-- Given data follows --

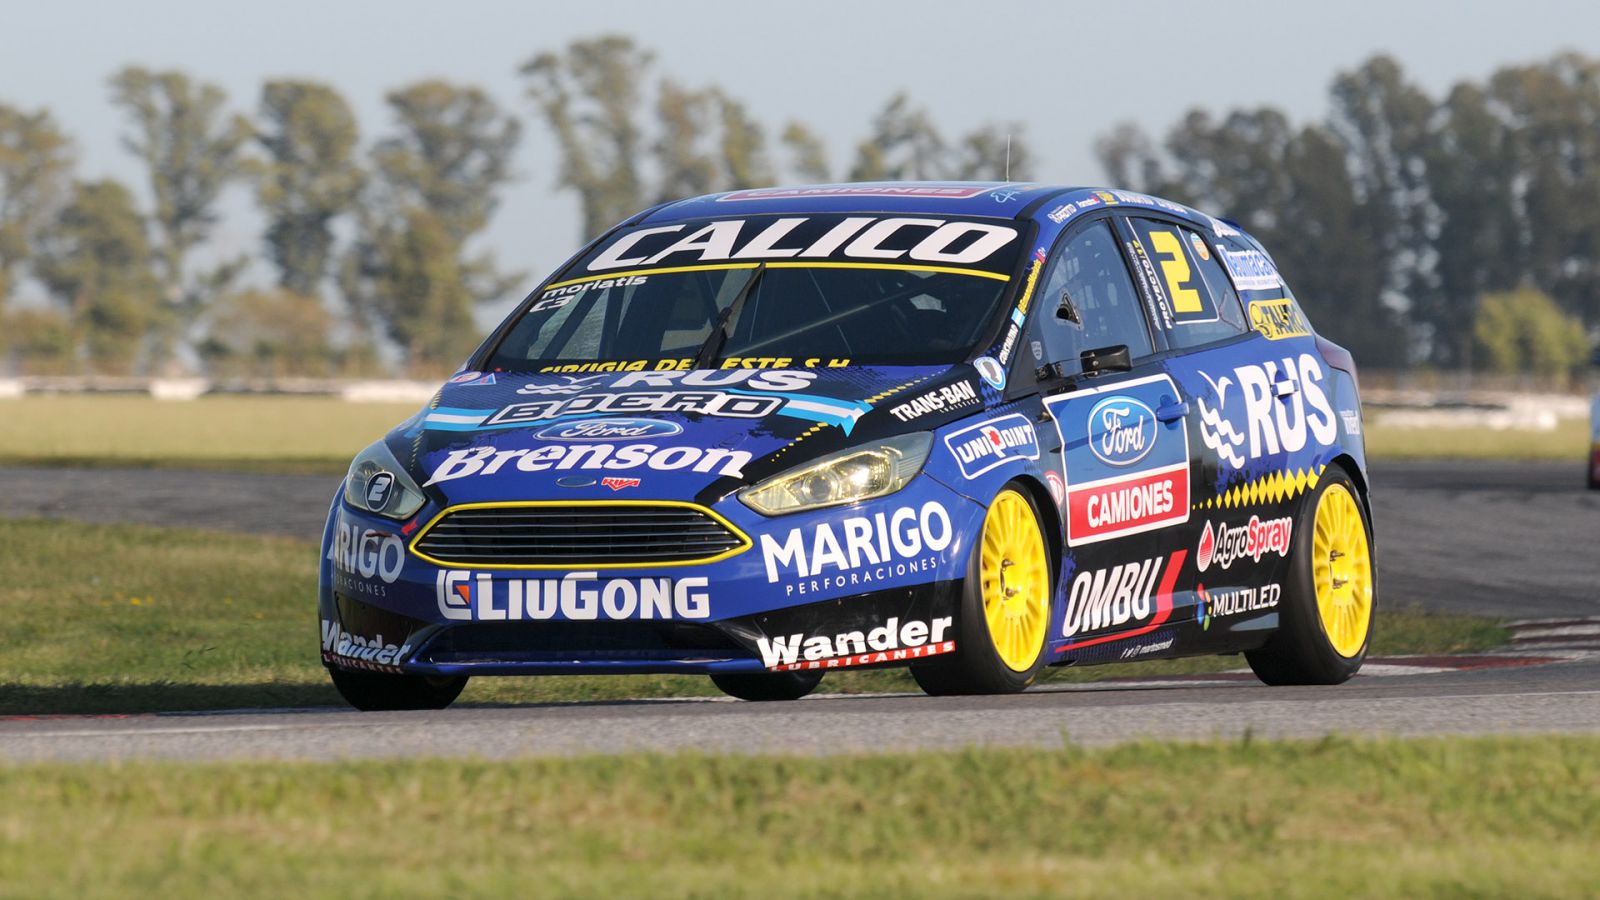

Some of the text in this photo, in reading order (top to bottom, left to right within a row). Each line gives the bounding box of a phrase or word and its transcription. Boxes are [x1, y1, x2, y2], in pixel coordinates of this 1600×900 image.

[587, 217, 1018, 271] CALICO
[542, 276, 648, 300] moriatis
[1149, 231, 1203, 313] 2
[609, 368, 818, 391] RUS
[890, 380, 977, 422] TRANS-BAN
[492, 391, 785, 426] BOERO
[1233, 353, 1337, 459] RUS
[1101, 407, 1147, 456] Ford
[422, 444, 752, 487] Brenson
[368, 476, 391, 502] 2
[1087, 479, 1174, 528] CAMIONES
[759, 501, 953, 584] MARIGO
[1213, 515, 1292, 569] AgroSpray
[786, 556, 937, 597] PERFORACIONES
[1062, 556, 1164, 638] OMBU
[1213, 584, 1281, 617] MULTILED
[757, 616, 953, 669] Wander
[771, 641, 954, 672] LUBRICANTES

-- Given data concluded --

## Exercise details
The records above are to be restated exactly, without their pictures.

## Exercise solution
Some of the text in this photo, in reading order (top to bottom, left to right within a row). Each line gives the bounding box of a phrase or word and its transcription. Boxes are [x1, y1, x2, y2], in pixel coordinates of this 1600×900 image.

[587, 217, 1018, 271] CALICO
[542, 276, 648, 300] moriatis
[1149, 231, 1203, 313] 2
[609, 368, 818, 391] RUS
[890, 380, 977, 422] TRANS-BAN
[492, 391, 785, 426] BOERO
[1233, 353, 1337, 459] RUS
[1101, 407, 1147, 456] Ford
[422, 444, 752, 487] Brenson
[368, 476, 391, 502] 2
[1087, 479, 1174, 528] CAMIONES
[759, 501, 953, 584] MARIGO
[1213, 515, 1292, 569] AgroSpray
[786, 556, 937, 597] PERFORACIONES
[1062, 556, 1164, 638] OMBU
[1213, 584, 1281, 617] MULTILED
[757, 616, 953, 669] Wander
[771, 641, 954, 672] LUBRICANTES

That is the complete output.